(RECORDS SHOWN)

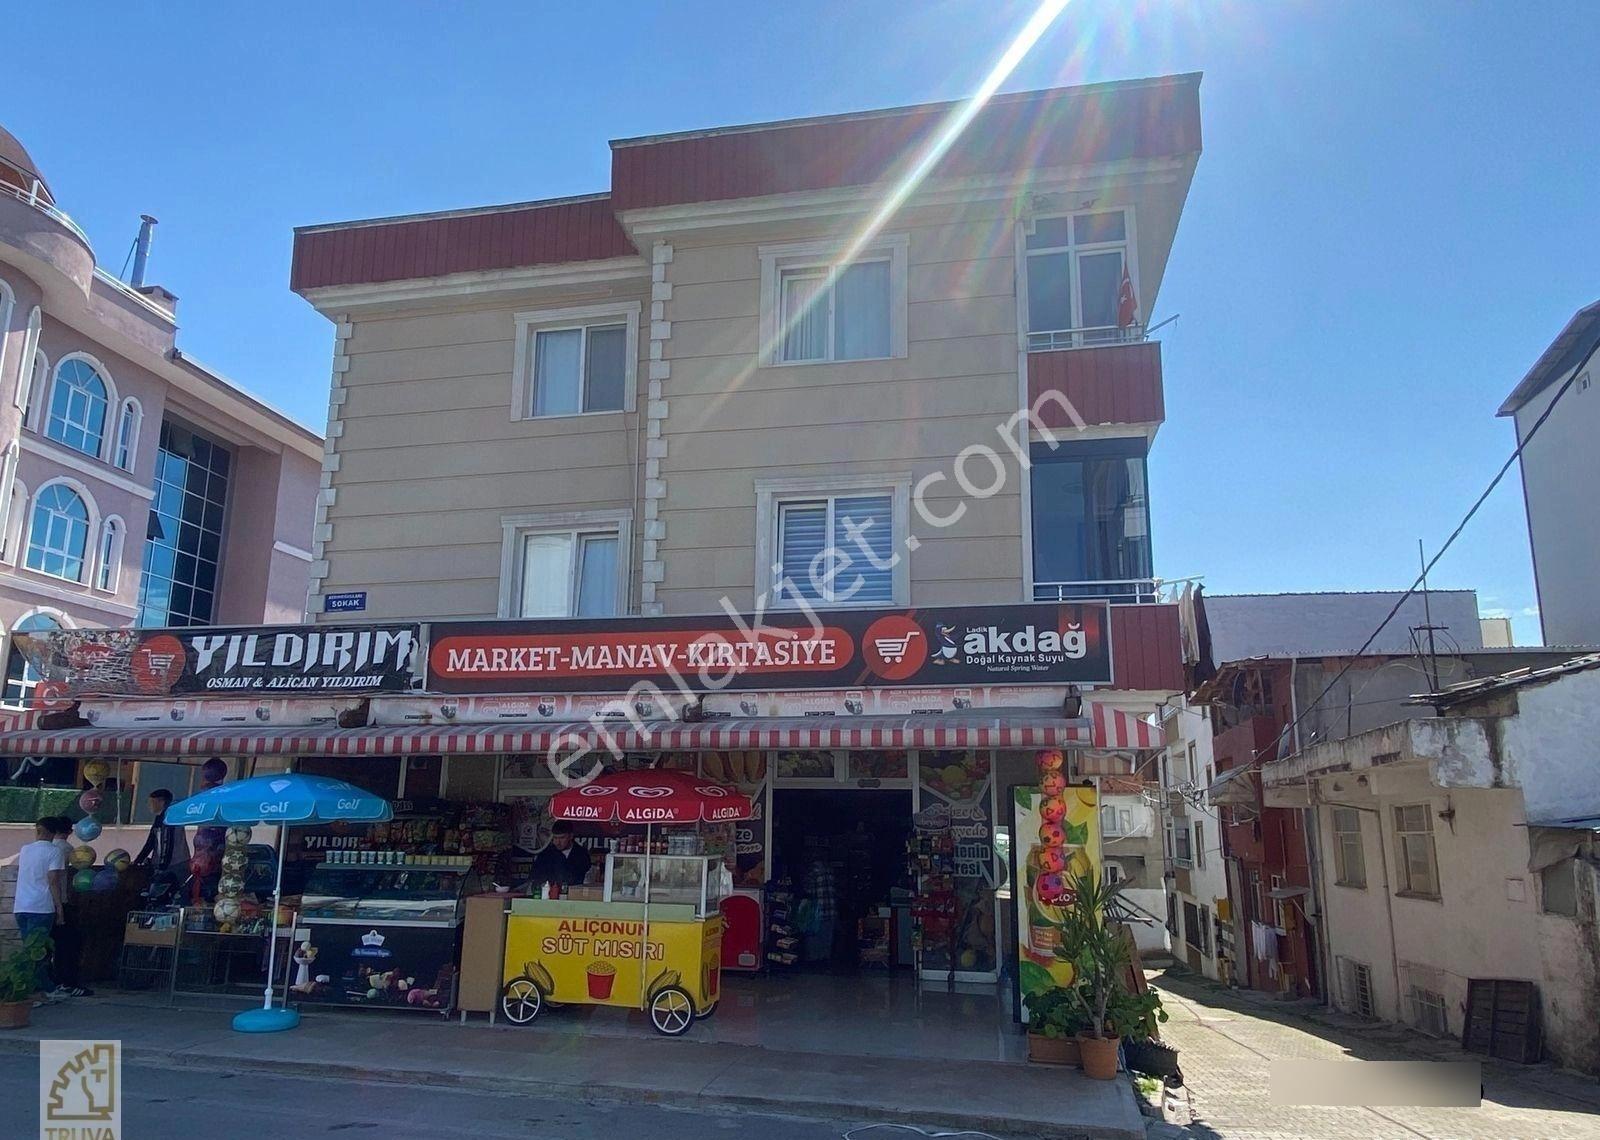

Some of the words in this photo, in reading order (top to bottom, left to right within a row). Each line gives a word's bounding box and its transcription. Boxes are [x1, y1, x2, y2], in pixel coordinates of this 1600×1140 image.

[332, 599, 360, 608] SOKAK
[963, 622, 1087, 659] akdağ
[191, 630, 412, 674] YILDIRIM
[446, 634, 836, 673] MARKET-MANAV-KIRTASİYE
[966, 655, 995, 665] Doğal
[998, 654, 1035, 665] Kaynak
[1038, 654, 1064, 664] Suyu
[1011, 665, 1030, 673] Spring
[206, 677, 252, 689] OSMAN
[253, 678, 263, 688] &
[267, 674, 319, 689] ALİCAN
[321, 675, 384, 688] YILDIRIM
[186, 801, 207, 814] Golf
[259, 801, 289, 814] Golf
[337, 798, 361, 810] Golf
[558, 918, 650, 936] ALİÇONUN
[542, 934, 588, 954] SÜT
[594, 939, 664, 960] MISIRI
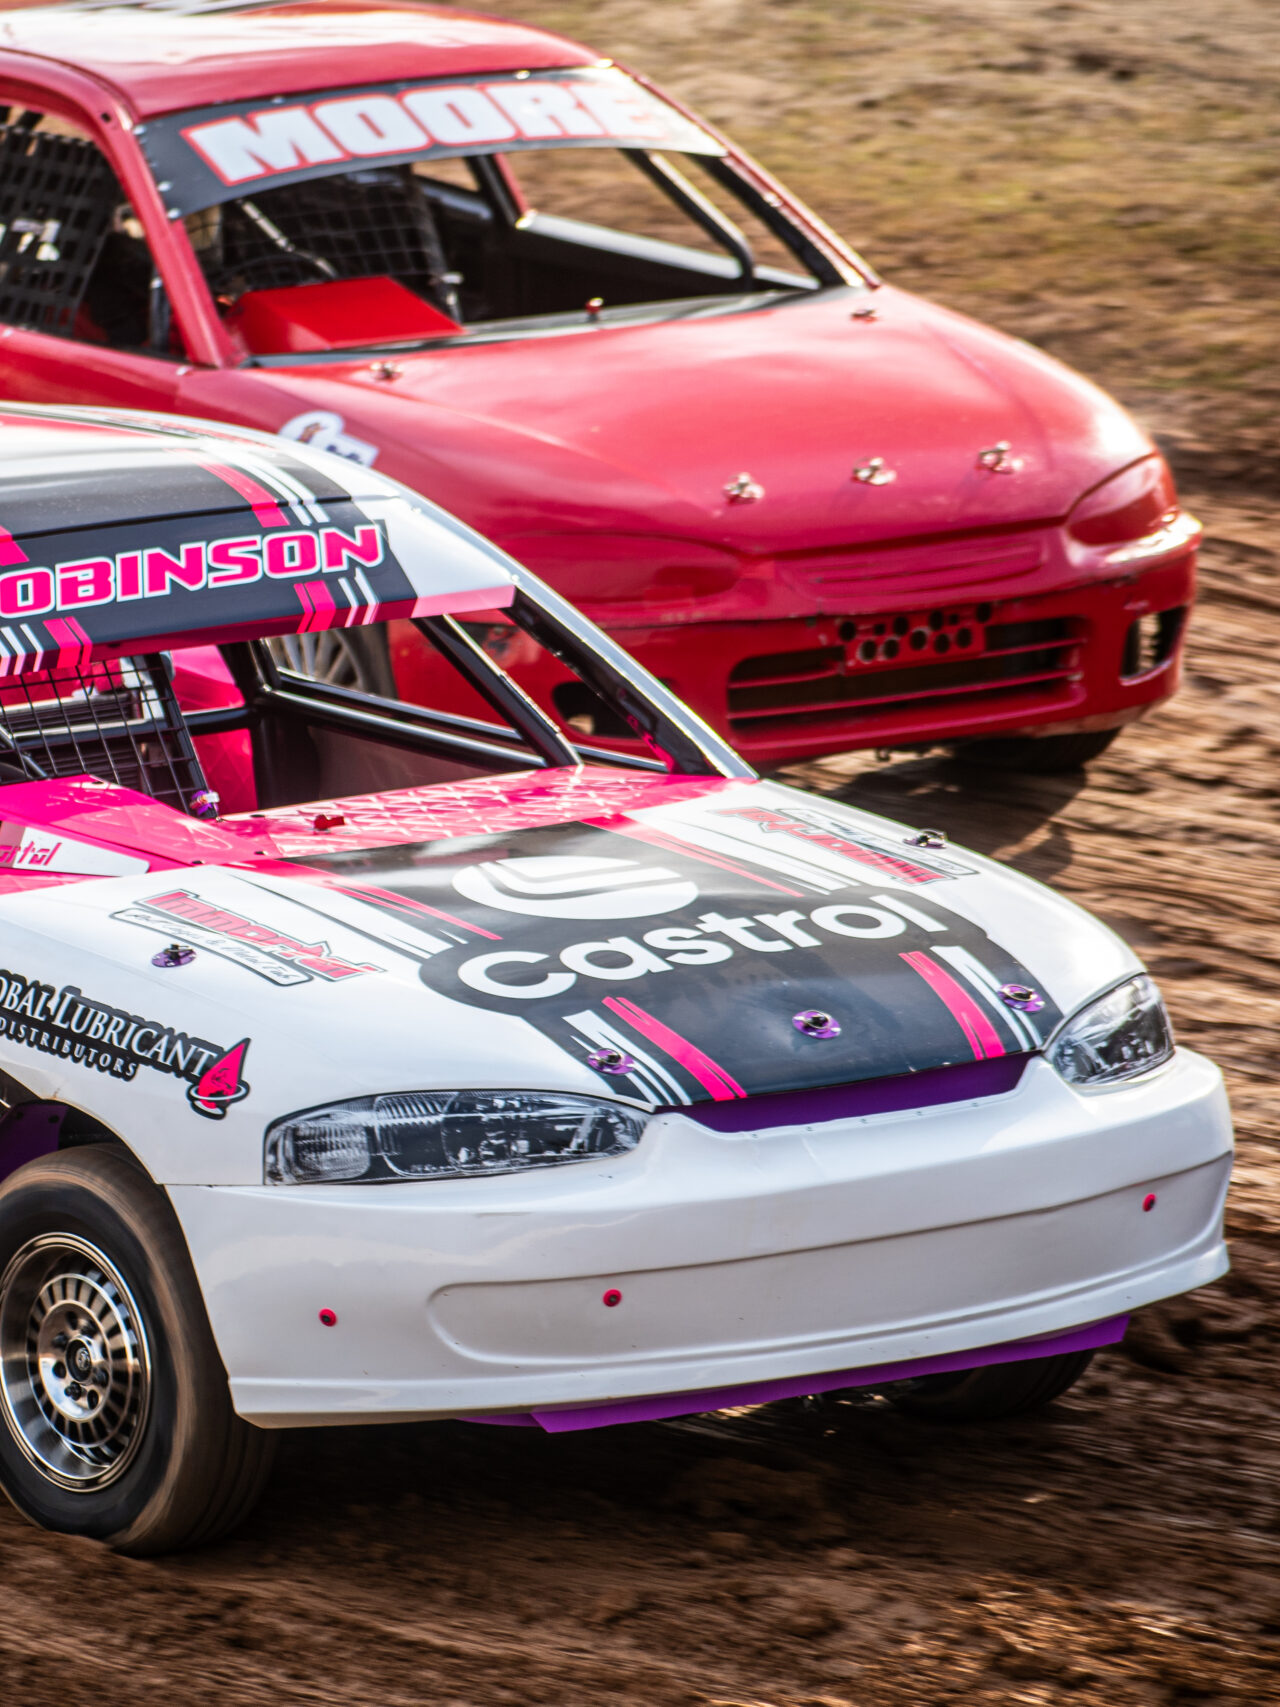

(End RECORDS SHOWN)

WORK TO COMPLETE → The finished answer is an exact repetition of the listing, with every picture removed.

ANSWER BOX →
Some of the words in this photo, in reading order (top to bottom, left to right within a row). Each line gives a word's bounding box and its transcription. Boxes are [x1, y1, x2, y2], in pixel coordinates of this 1600×1140 image.

[332, 599, 360, 608] SOKAK
[963, 622, 1087, 659] akdağ
[191, 630, 412, 674] YILDIRIM
[446, 634, 836, 673] MARKET-MANAV-KIRTASİYE
[966, 655, 995, 665] Doğal
[998, 654, 1035, 665] Kaynak
[1038, 654, 1064, 664] Suyu
[1011, 665, 1030, 673] Spring
[206, 677, 252, 689] OSMAN
[253, 678, 263, 688] &
[267, 674, 319, 689] ALİCAN
[321, 675, 384, 688] YILDIRIM
[186, 801, 207, 814] Golf
[259, 801, 289, 814] Golf
[337, 798, 361, 810] Golf
[558, 918, 650, 936] ALİÇONUN
[542, 934, 588, 954] SÜT
[594, 939, 664, 960] MISIRI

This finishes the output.